This re-imagining of "Snow White and the Seven Dwarfs" as a college comedy (the title ought to be "Sydney White and the Seven Dorks") has its clever moments, even though most of the movie is as formulaic as any teen-flick-by-committee Hollywood grinds out. Star Amanda Bynes, despite oddly unflattering hair and makeup, brings a perky, good-sport persona to the proceedings that helps, even if her acting rarely gets below the surface. Teens will surely find amusement in "Sydney White," even if they can predict the story. It may, however, be an iffy choice for some middle-schoolers, as it includes considerable, though fairly mild, sexual innuendo, semicrude sexual language ("booty" and other non-obscene synonyms), implications of promiscuity among college kids, and a matter-of-fact portrayal of a club for gay, lesbian and transgender students. There are references to beer and implied drinking at parties, students who appear hung-over, young women in tight or low-cut outfits, modestly implied male nudity, toilet humor, mild profanity, and jokes about overweight kids.

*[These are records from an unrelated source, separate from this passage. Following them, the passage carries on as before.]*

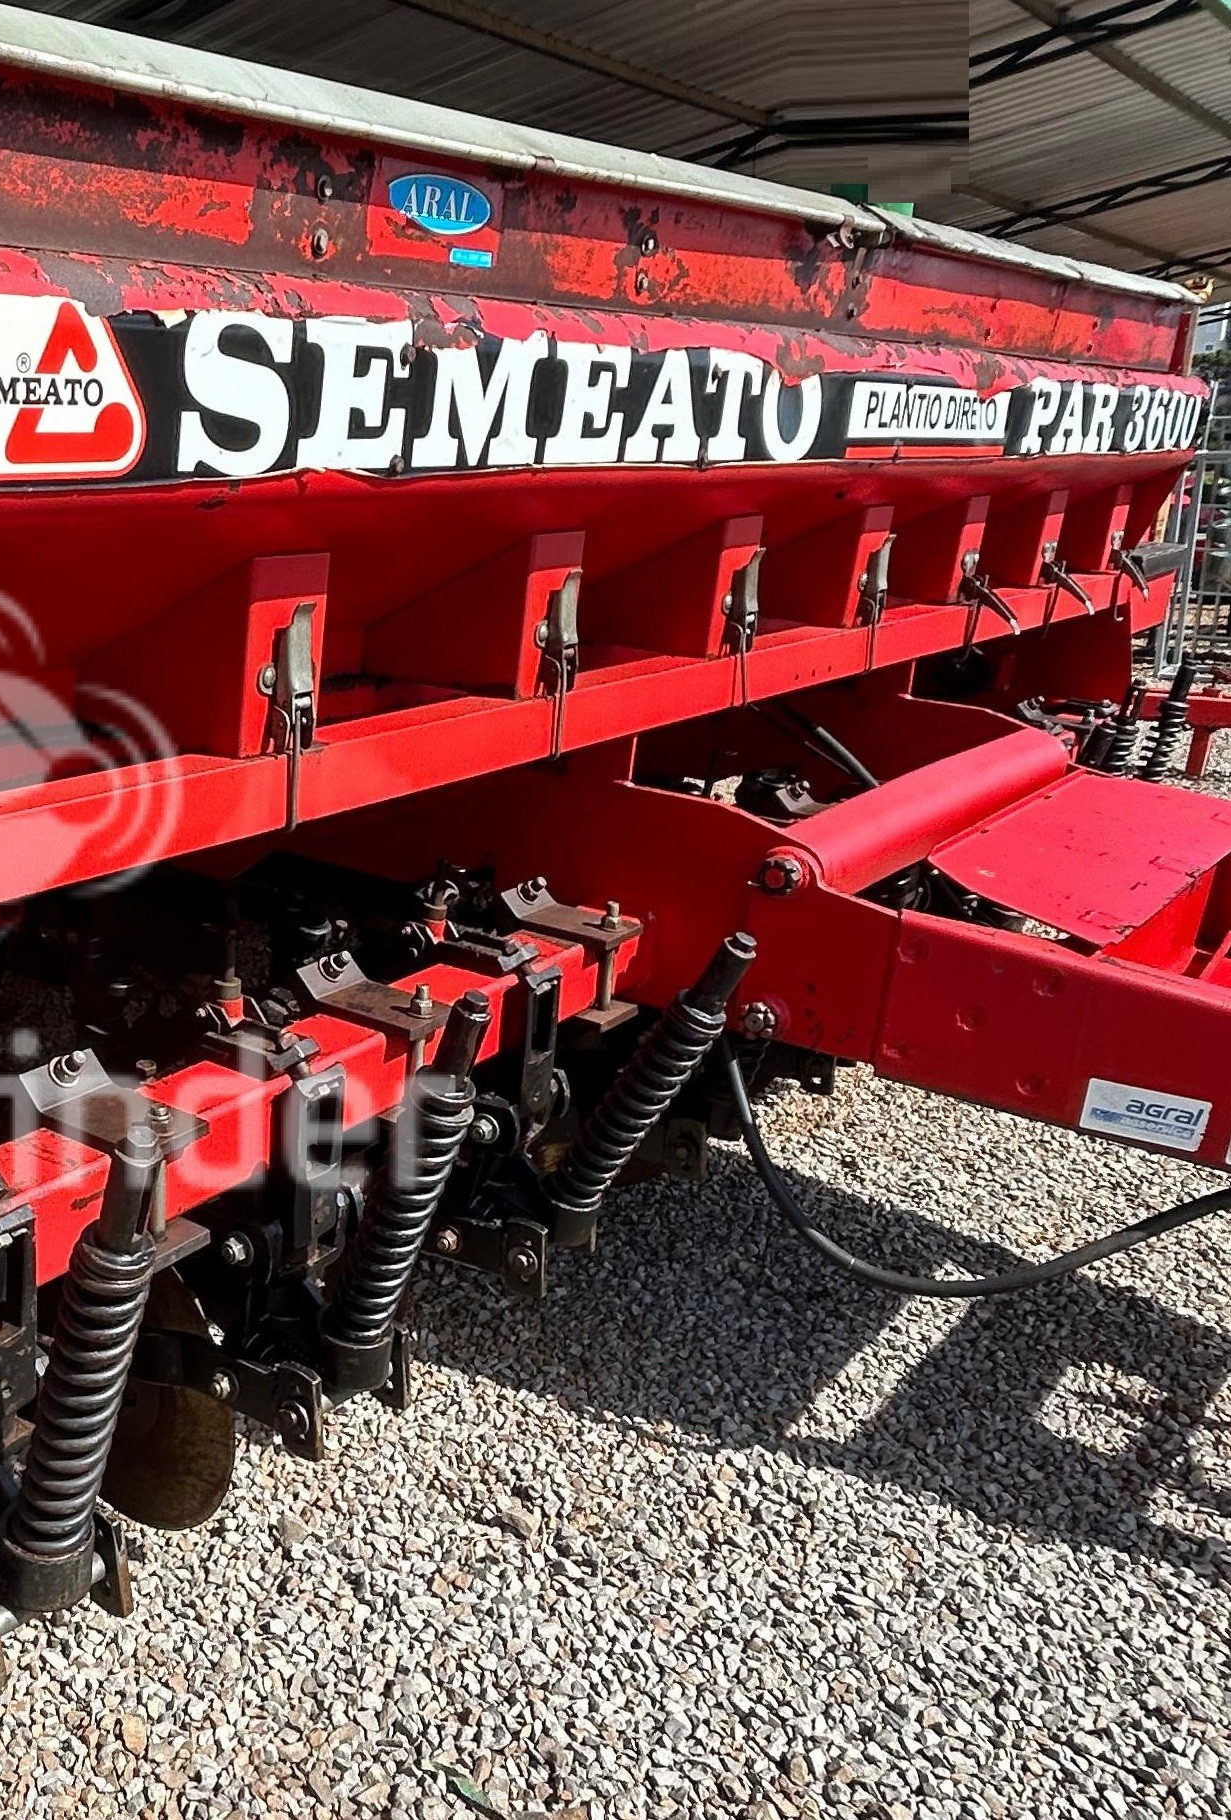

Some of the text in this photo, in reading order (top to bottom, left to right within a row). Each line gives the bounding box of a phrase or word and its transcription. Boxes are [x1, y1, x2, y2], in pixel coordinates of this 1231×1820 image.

[399, 183, 474, 223] ARAL
[177, 310, 822, 476] SEMEATO
[864, 390, 997, 430] PLANTIO DIRETO
[1020, 378, 1202, 454] PAR 3600
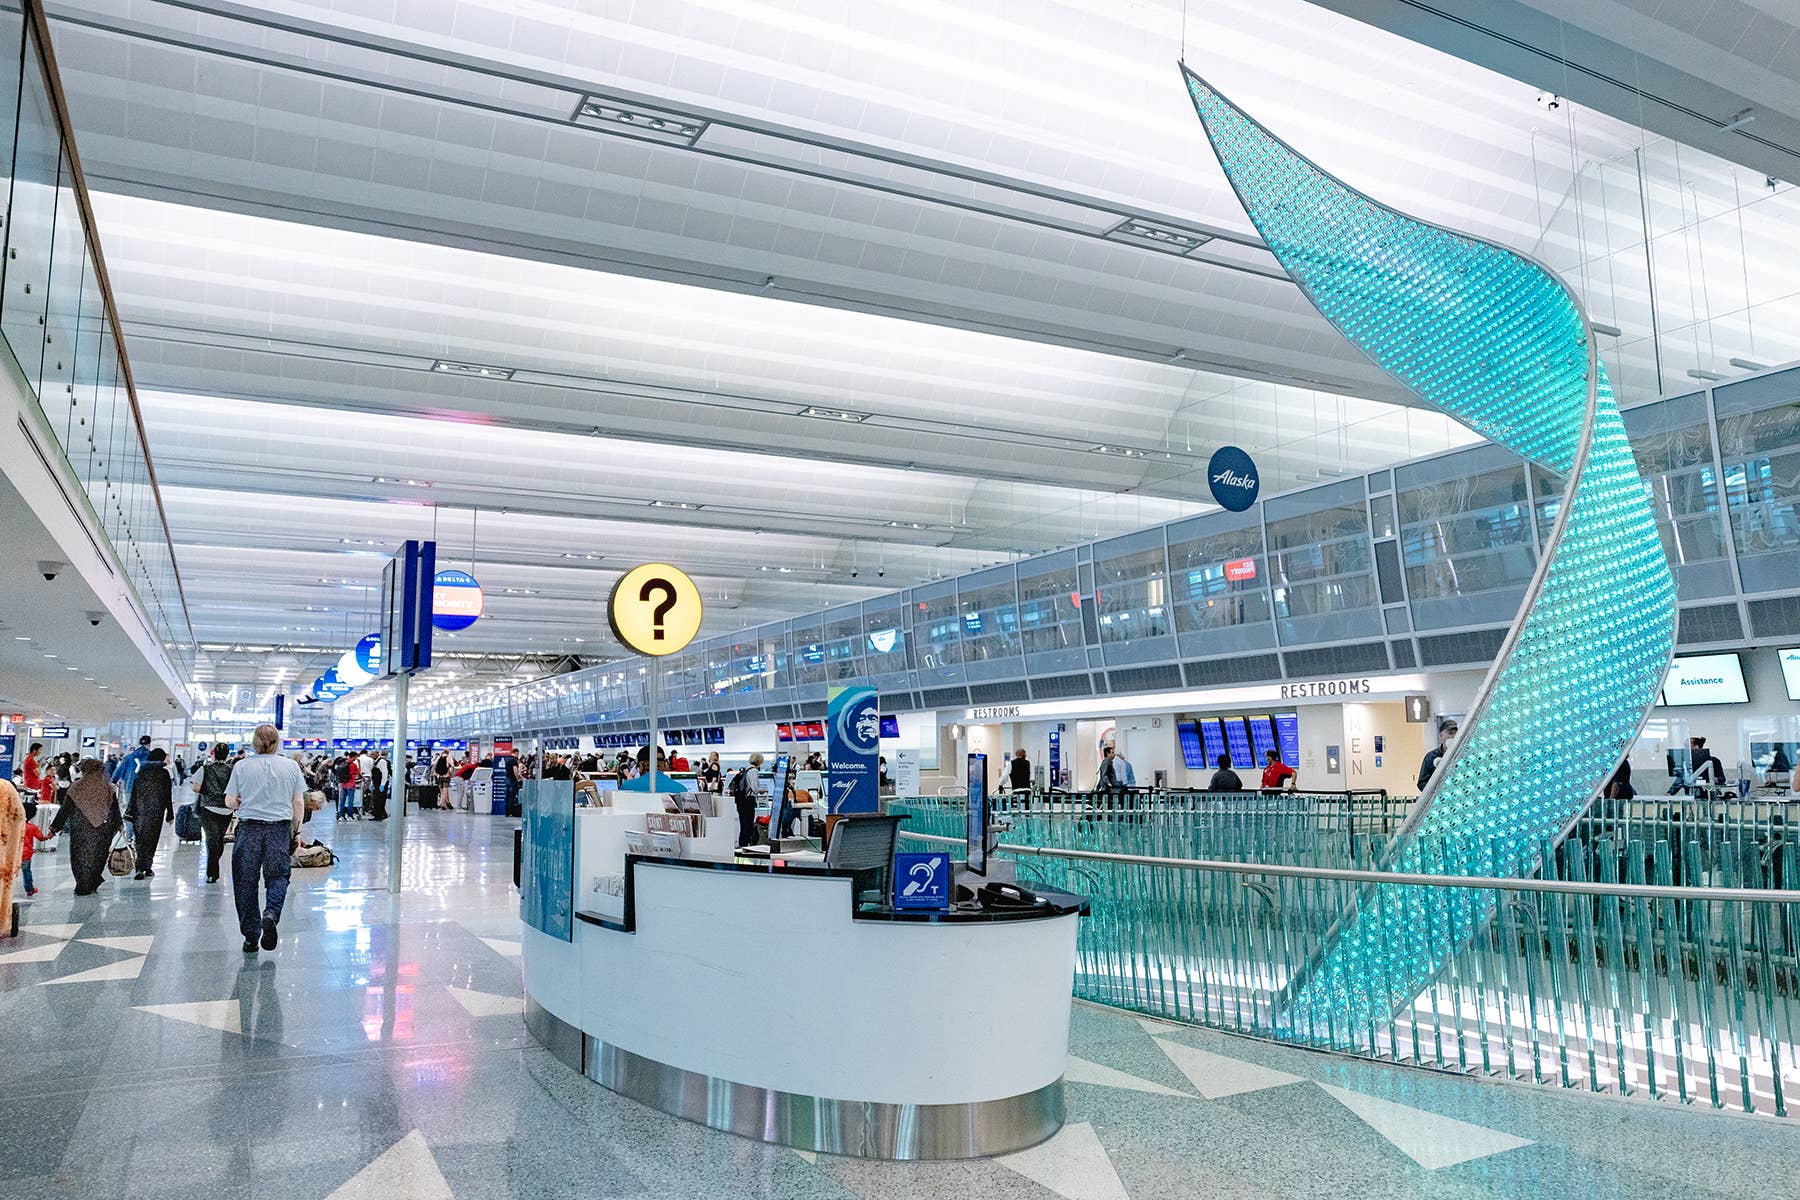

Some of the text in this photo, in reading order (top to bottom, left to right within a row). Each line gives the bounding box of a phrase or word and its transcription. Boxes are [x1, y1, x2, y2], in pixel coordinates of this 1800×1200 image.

[1213, 469, 1256, 490] Alaska
[1680, 678, 1724, 686] Assistance
[1281, 679, 1370, 699] RESTROOMS
[974, 706, 1020, 719] RESTROOMS
[931, 886, 939, 894] T

Sydney (Bynes) is a smart, good-hearted tomboy. Her plumber dad (John Schneider) sends her off to college where she hopes to honor her long-dead mother's memory by pledging her sorority. But Sydney finds Rachel (Sara Paxton), the sorority president and all-round campus rhymes-with-witch, has turned the house into a snobby palace from which she looks down on those she deems unworthy. Rachel sees Sydney as a rival and tosses her out. Suddenly homeless, Sydney lands in a ramshackle old frat house where seven socially inept brainiacs reside. The hypochondriac Lenny (Jack Carpenter -- read his character as Sneezy) invites her in, though she dissed him early on as part of a sorority initiation thing. Her confidence renewed, Sydney takes on Rachel and her clique of too-thin blondes, winning the heart of a frat boy named Tyler Prince (prince, get it?), blandly played by Matt Long. And the poison apple comes in the form of a ... oh, but that would be telling.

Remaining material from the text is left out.